If they were going to meet, maybe both ships (Enterpirse B and Enterprise D)could have been pulled into the Nexus towards the end of the movie, where the captains only meet via video screen, much like Kirk and Khan never meet in person in TWOK. The two ships work together to escape the Nexus, and go back to their original times, fixing the problem, sort of like All Good Things. At that point, I could see where Kirk is lost in the Nexus to free the Enterprise-B (and fulfilling what Picard knows as "history:" Kirk's disappearance/death), with Kirk's death left ambiguous.
 
The J.M. Dillard novelization of the movie depicted Soran's version of the Nexus where he was reunited with his wife and children who'd been killed in the Borg attack on their homeworld, but they really should have incorporated at least a little bit of that into the actual film so that Soran's character would have had more dimension and texture. The scene where Picard confronts him with their deaths and the Borg being responsible for it was okay, but actually seeing a glimpse of that version of the Nexus would have been better and given the audience more of an understanding of why Soran was willing to put so many innocent lives at risk to get back inside.

Just like with Star Trek V, the novelization smooths out more than a few of the film's rougher and more annoying edges, but the studio wanted certain things left out for the sake of a better-paced and more exciting movie and/or dictated a running time so the directors had to decide what wasn't worth leaving in or even bothering to film in the first place.

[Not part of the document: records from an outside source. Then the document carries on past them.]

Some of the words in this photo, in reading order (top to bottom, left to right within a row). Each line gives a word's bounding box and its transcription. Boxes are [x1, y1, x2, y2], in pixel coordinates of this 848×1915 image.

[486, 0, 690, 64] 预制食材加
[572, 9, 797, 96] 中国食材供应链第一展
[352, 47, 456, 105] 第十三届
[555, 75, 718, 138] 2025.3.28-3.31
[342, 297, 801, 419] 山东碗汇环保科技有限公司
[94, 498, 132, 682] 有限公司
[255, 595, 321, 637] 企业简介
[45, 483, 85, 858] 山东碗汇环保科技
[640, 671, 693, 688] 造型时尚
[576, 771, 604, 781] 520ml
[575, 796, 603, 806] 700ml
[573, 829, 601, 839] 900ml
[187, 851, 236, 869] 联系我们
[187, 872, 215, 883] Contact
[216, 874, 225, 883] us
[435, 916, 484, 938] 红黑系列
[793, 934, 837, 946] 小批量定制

An extra one or two minutes' worth of another Nexus sequence wouldn't have made a big difference to the running time, but apparently the creators had a different idea.
 
I'd change the Nexus from being an actual gateway to another dimension, to instead being a standard space anomaly that simply destroys things in it's path -- but which Soran has somehow mistakenly become convinced is an entry-way to a fantasy land and is determined to bring it to him. The impetus is therefore on the Enterprise crew stopping this mad man from destroying civilisations in what is ultimately a futile quest.

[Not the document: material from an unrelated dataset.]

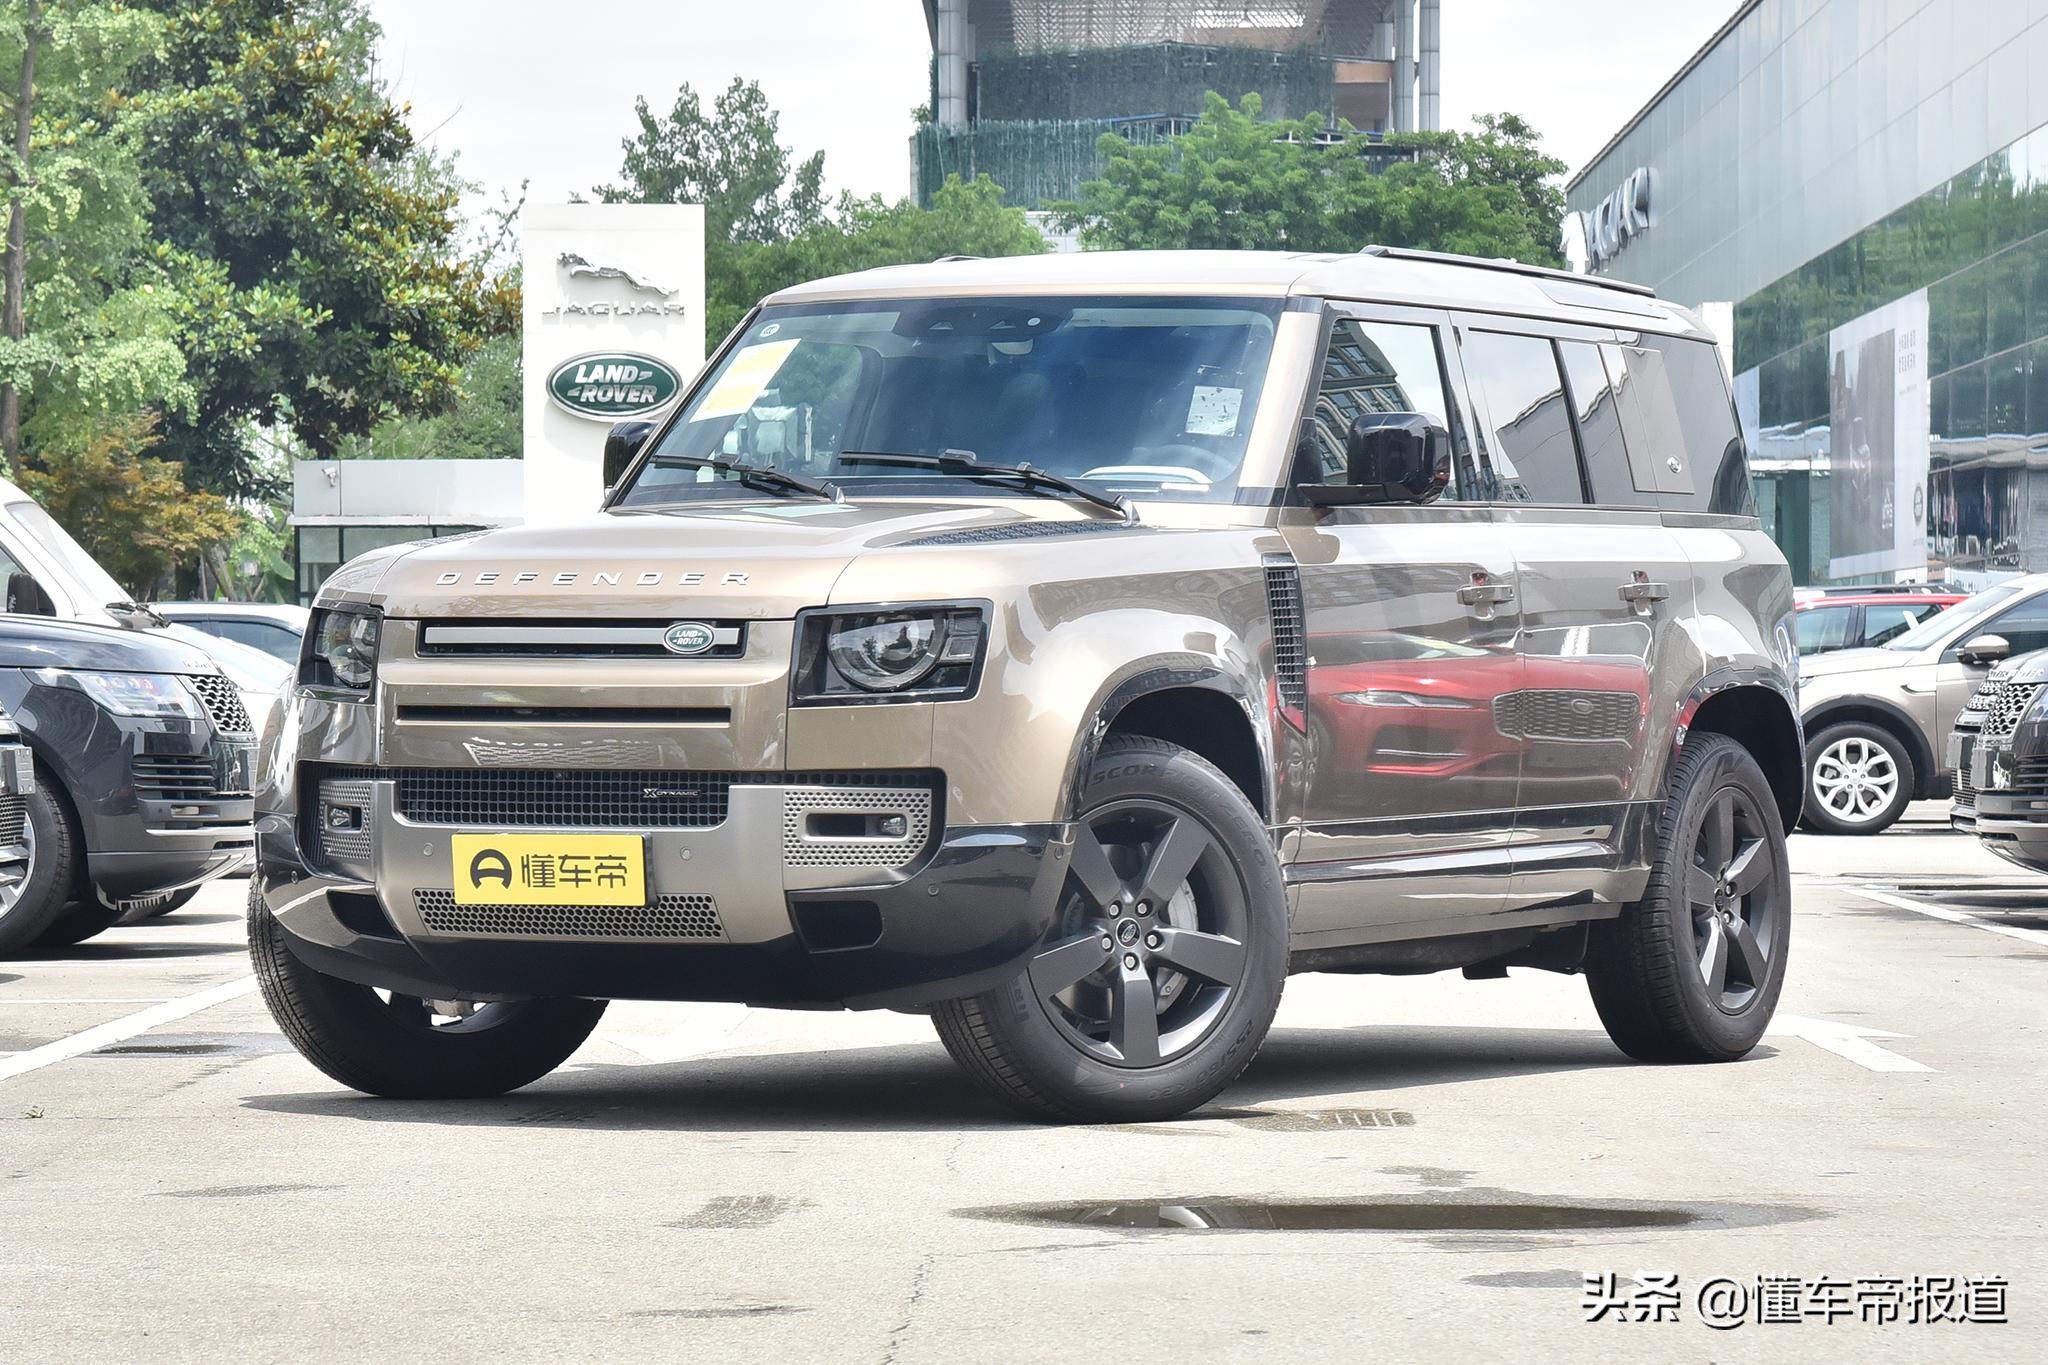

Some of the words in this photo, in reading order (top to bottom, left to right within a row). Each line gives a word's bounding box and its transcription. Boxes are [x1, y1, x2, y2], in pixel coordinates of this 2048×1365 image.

[435, 571, 751, 586] DEFENDER
[520, 853, 628, 889] 懂车帝

Accordingly, the prologue on the Enterprise-B stays as it is, with Kirk saving the ship and losing his life. A great heroic end, but he doesn't survive inside the Nexus, and crucially, he doesn't reappear later in the film. His scenes are, however, crucial to the trust of the TNG plot, forming an important backstory for the rest of the movie.

I guess under this scenario Soran would have shades of Sybok: a villain with a tragic belief in something that simply isn't true, but who is determined to fulfil his wish fantasy at any cost, despite all rational evidence to the contrary.